AAV-mediated Expression of HLA-G1/5 Reduces Severity of Experimental Autoimmune Uveitis

Elizabeth Crabtree et al. Sci Rep. .
Free PMC article

Abstract

Non-infectious uveitis (NIU) is an intractable, recurrent, and painful disease that is a common cause of vision loss. Available treatments of NIU, such as the use of topical corticosteroids, are non-specific and have serious side effects which limits them to short-term use; however, NIU requires long-term treatment to prevent vision loss. Therefore, a single dose therapeutic that mediates long-term immunosuppression with minimal side effects is desirable. In order to develop an effective long-term therapy for NIU, an adeno-associated virus (AAV) gene therapy approach was used to exploit a natural immune tolerance mechanism induced by the human leukocyte antigen G (HLA-G).

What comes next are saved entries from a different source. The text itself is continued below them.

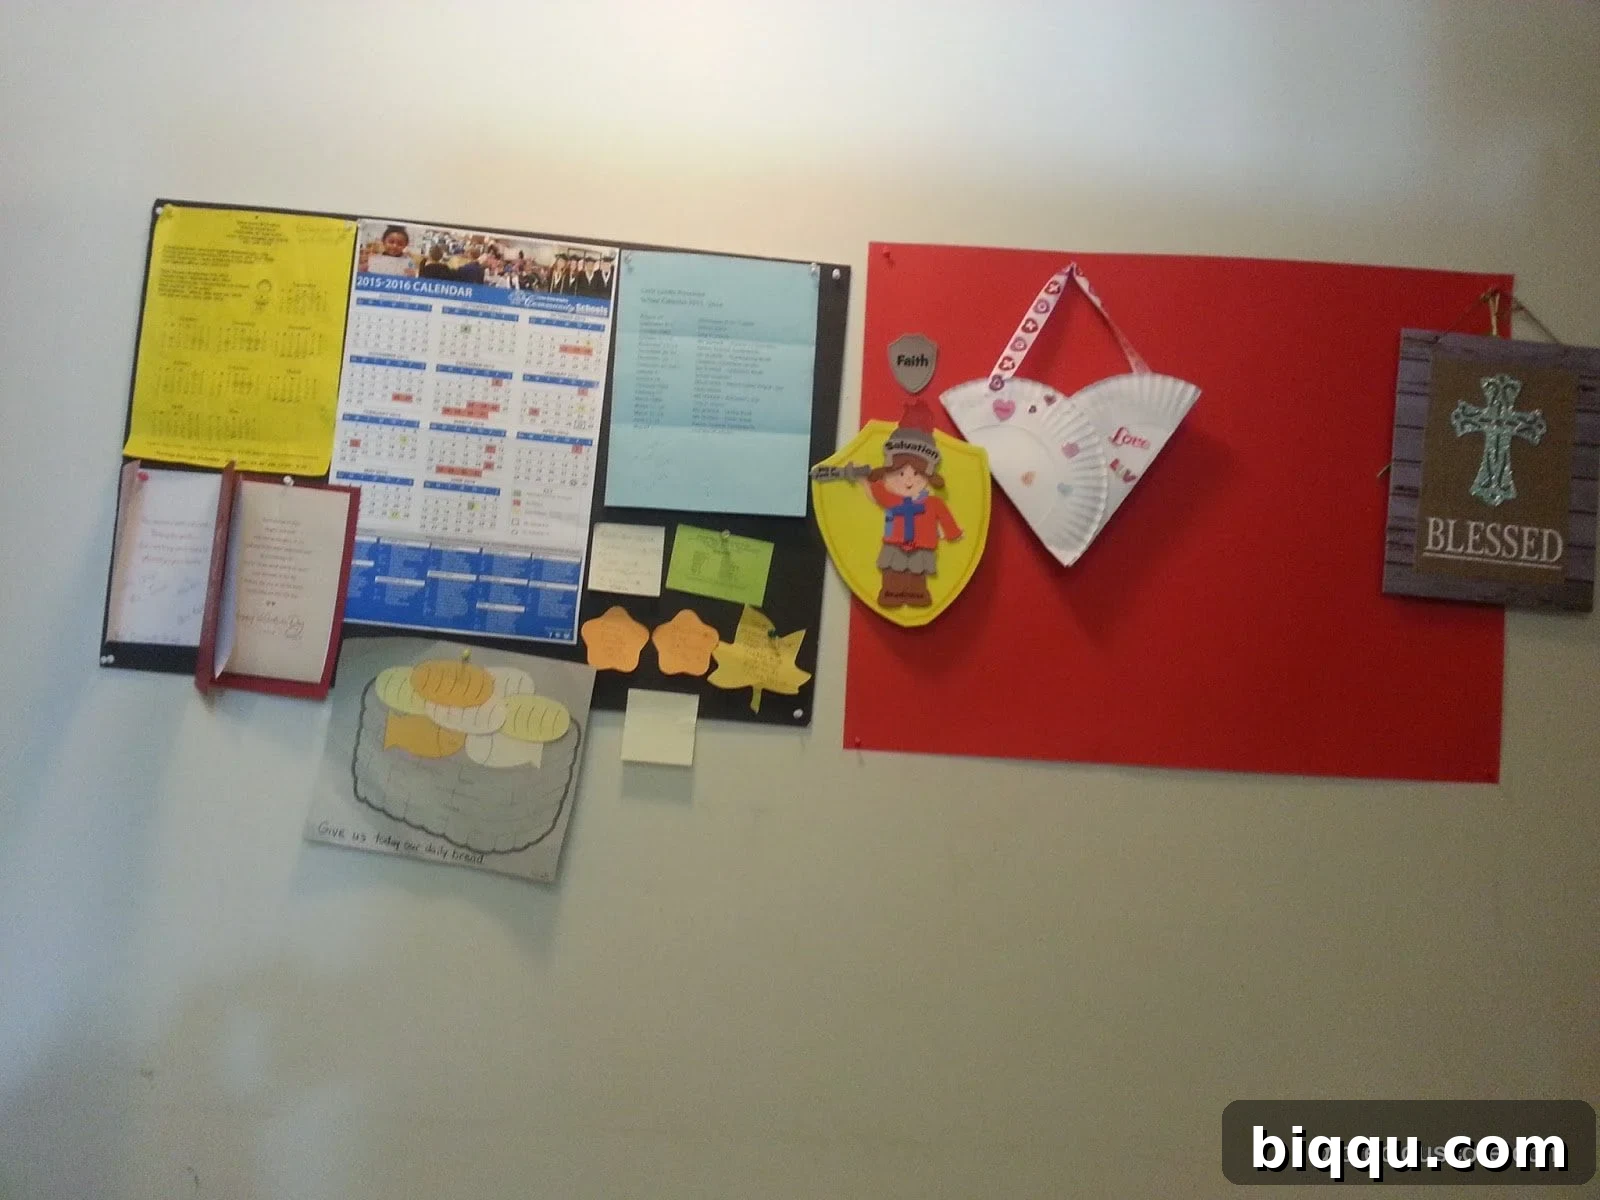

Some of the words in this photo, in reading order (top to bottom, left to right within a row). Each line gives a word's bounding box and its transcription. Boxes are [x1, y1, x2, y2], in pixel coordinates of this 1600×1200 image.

[357, 276, 411, 290] 2015-2016
[413, 281, 473, 298] CALENDAR
[897, 354, 929, 367] Faith
[885, 441, 938, 459] Salvation
[1425, 516, 1564, 563] BLESSED
[352, 832, 366, 841] us
[452, 849, 484, 864] bread

To mimic the prevention of NIU, naïve Lewis rats received a single intravitreal injection of AAV particles harboring codon-optimized cDNAs encoding HLA-G1 and HLA-G5 isoforms one week prior to the induction of experimental autoimmune uveitis (EAU). AAV-mediated expression of the HLA-G-1 and -5 transgenes in the targeted ocular tissues following a single intravitreal injection of AAV-HLA-G1/5 significantly decreased clinical and histopathological inflammation scores compared to untreated EAU eyes (p < 0.04). Thus, localized ocular gene delivery of AAV-HLA-G1/5 may reduce the off-target risks and establish a long-term immunosuppressive effect that would serve as an effective and novel therapeutic strategy for NIU, with the potential for applications to additional ocular immune-mediated diseases.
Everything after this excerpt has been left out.